Please reproduce the following records exactly, with nothing omitted.
──────── Dataset
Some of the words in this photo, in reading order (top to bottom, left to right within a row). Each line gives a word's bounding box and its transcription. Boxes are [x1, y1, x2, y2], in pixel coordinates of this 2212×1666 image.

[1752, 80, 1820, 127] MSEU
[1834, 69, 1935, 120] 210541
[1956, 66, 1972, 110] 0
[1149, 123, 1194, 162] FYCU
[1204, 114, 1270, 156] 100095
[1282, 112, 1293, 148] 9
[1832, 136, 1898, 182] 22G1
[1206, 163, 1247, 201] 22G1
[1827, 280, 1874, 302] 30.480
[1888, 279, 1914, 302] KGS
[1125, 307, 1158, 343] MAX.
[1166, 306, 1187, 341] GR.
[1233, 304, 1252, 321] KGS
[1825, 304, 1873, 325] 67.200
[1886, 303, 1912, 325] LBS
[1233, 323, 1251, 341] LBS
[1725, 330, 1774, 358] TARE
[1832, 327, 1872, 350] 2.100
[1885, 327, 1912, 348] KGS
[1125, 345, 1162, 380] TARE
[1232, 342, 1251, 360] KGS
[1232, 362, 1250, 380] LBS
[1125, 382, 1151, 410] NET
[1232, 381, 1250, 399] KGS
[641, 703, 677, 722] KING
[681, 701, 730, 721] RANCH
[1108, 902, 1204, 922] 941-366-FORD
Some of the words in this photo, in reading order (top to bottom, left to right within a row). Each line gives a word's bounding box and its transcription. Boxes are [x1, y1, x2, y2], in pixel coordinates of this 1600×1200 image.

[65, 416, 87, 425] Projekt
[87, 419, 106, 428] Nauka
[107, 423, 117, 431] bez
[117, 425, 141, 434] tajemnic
────────────────
> **Result of this task**:
Some of the words in this photo, in reading order (top to bottom, left to right within a row). Each line gives a word's bounding box and its transcription. Boxes are [x1, y1, x2, y2], in pixel coordinates of this 2212×1666 image.

[1752, 80, 1820, 127] MSEU
[1834, 69, 1935, 120] 210541
[1956, 66, 1972, 110] 0
[1149, 123, 1194, 162] FYCU
[1204, 114, 1270, 156] 100095
[1282, 112, 1293, 148] 9
[1832, 136, 1898, 182] 22G1
[1206, 163, 1247, 201] 22G1
[1827, 280, 1874, 302] 30.480
[1888, 279, 1914, 302] KGS
[1125, 307, 1158, 343] MAX.
[1166, 306, 1187, 341] GR.
[1233, 304, 1252, 321] KGS
[1825, 304, 1873, 325] 67.200
[1886, 303, 1912, 325] LBS
[1233, 323, 1251, 341] LBS
[1725, 330, 1774, 358] TARE
[1832, 327, 1872, 350] 2.100
[1885, 327, 1912, 348] KGS
[1125, 345, 1162, 380] TARE
[1232, 342, 1251, 360] KGS
[1232, 362, 1250, 380] LBS
[1125, 382, 1151, 410] NET
[1232, 381, 1250, 399] KGS
[641, 703, 677, 722] KING
[681, 701, 730, 721] RANCH
[1108, 902, 1204, 922] 941-366-FORD
Some of the words in this photo, in reading order (top to bottom, left to right within a row). Each line gives a word's bounding box and its transcription. Boxes are [x1, y1, x2, y2], in pixel coordinates of this 1600×1200 image.

[65, 416, 87, 425] Projekt
[87, 419, 106, 428] Nauka
[107, 423, 117, 431] bez
[117, 425, 141, 434] tajemnic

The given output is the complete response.